**Required work:**
Would you print the records below without changing anything?

[[ Data, beginning ]]

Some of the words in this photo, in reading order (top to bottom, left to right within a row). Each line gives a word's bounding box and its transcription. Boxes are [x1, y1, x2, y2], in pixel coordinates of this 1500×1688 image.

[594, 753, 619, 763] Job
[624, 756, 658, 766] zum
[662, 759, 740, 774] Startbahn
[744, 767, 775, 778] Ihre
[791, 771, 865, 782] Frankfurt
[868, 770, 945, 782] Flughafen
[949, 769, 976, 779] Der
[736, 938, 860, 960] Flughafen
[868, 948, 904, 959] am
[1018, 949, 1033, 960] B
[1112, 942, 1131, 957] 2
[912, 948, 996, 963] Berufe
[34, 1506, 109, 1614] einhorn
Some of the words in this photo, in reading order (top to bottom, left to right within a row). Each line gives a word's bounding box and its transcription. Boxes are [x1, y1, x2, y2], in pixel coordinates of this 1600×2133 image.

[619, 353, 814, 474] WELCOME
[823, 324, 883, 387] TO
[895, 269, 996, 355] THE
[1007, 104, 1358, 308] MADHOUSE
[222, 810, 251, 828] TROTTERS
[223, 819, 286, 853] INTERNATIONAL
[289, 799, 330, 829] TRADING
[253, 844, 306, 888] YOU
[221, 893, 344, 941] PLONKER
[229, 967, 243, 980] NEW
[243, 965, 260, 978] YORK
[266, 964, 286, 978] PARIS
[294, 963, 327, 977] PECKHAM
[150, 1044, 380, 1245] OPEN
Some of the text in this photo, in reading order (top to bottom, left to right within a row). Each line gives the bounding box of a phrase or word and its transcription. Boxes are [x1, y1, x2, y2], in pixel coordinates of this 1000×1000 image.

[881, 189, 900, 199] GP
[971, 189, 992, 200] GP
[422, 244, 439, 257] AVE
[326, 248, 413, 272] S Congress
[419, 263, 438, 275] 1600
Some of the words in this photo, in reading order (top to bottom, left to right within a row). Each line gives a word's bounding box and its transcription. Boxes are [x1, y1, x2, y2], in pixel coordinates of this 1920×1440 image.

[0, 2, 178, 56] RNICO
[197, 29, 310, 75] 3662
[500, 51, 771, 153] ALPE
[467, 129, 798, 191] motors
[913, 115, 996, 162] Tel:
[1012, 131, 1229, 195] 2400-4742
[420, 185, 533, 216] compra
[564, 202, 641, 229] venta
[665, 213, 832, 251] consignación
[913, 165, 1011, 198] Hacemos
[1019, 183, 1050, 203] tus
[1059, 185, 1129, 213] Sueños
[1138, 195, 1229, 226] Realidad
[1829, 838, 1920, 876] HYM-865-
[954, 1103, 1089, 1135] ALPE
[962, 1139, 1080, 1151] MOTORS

[[ Data, end ]]

**Task answer:**
Some of the words in this photo, in reading order (top to bottom, left to right within a row). Each line gives a word's bounding box and its transcription. Boxes are [x1, y1, x2, y2], in pixel coordinates of this 1500×1688 image.

[594, 753, 619, 763] Job
[624, 756, 658, 766] zum
[662, 759, 740, 774] Startbahn
[744, 767, 775, 778] Ihre
[791, 771, 865, 782] Frankfurt
[868, 770, 945, 782] Flughafen
[949, 769, 976, 779] Der
[736, 938, 860, 960] Flughafen
[868, 948, 904, 959] am
[1018, 949, 1033, 960] B
[1112, 942, 1131, 957] 2
[912, 948, 996, 963] Berufe
[34, 1506, 109, 1614] einhorn
Some of the words in this photo, in reading order (top to bottom, left to right within a row). Each line gives a word's bounding box and its transcription. Boxes are [x1, y1, x2, y2], in pixel coordinates of this 1600×2133 image.

[619, 353, 814, 474] WELCOME
[823, 324, 883, 387] TO
[895, 269, 996, 355] THE
[1007, 104, 1358, 308] MADHOUSE
[222, 810, 251, 828] TROTTERS
[223, 819, 286, 853] INTERNATIONAL
[289, 799, 330, 829] TRADING
[253, 844, 306, 888] YOU
[221, 893, 344, 941] PLONKER
[229, 967, 243, 980] NEW
[243, 965, 260, 978] YORK
[266, 964, 286, 978] PARIS
[294, 963, 327, 977] PECKHAM
[150, 1044, 380, 1245] OPEN
Some of the text in this photo, in reading order (top to bottom, left to right within a row). Each line gives the bounding box of a phrase or word and its transcription. Boxes are [x1, y1, x2, y2], in pixel coordinates of this 1000×1000 image.

[881, 189, 900, 199] GP
[971, 189, 992, 200] GP
[422, 244, 439, 257] AVE
[326, 248, 413, 272] S Congress
[419, 263, 438, 275] 1600
Some of the words in this photo, in reading order (top to bottom, left to right within a row). Each line gives a word's bounding box and its transcription. Boxes are [x1, y1, x2, y2], in pixel coordinates of this 1920×1440 image.

[0, 2, 178, 56] RNICO
[197, 29, 310, 75] 3662
[500, 51, 771, 153] ALPE
[467, 129, 798, 191] motors
[913, 115, 996, 162] Tel:
[1012, 131, 1229, 195] 2400-4742
[420, 185, 533, 216] compra
[564, 202, 641, 229] venta
[665, 213, 832, 251] consignación
[913, 165, 1011, 198] Hacemos
[1019, 183, 1050, 203] tus
[1059, 185, 1129, 213] Sueños
[1138, 195, 1229, 226] Realidad
[1829, 838, 1920, 876] HYM-865-
[954, 1103, 1089, 1135] ALPE
[962, 1139, 1080, 1151] MOTORS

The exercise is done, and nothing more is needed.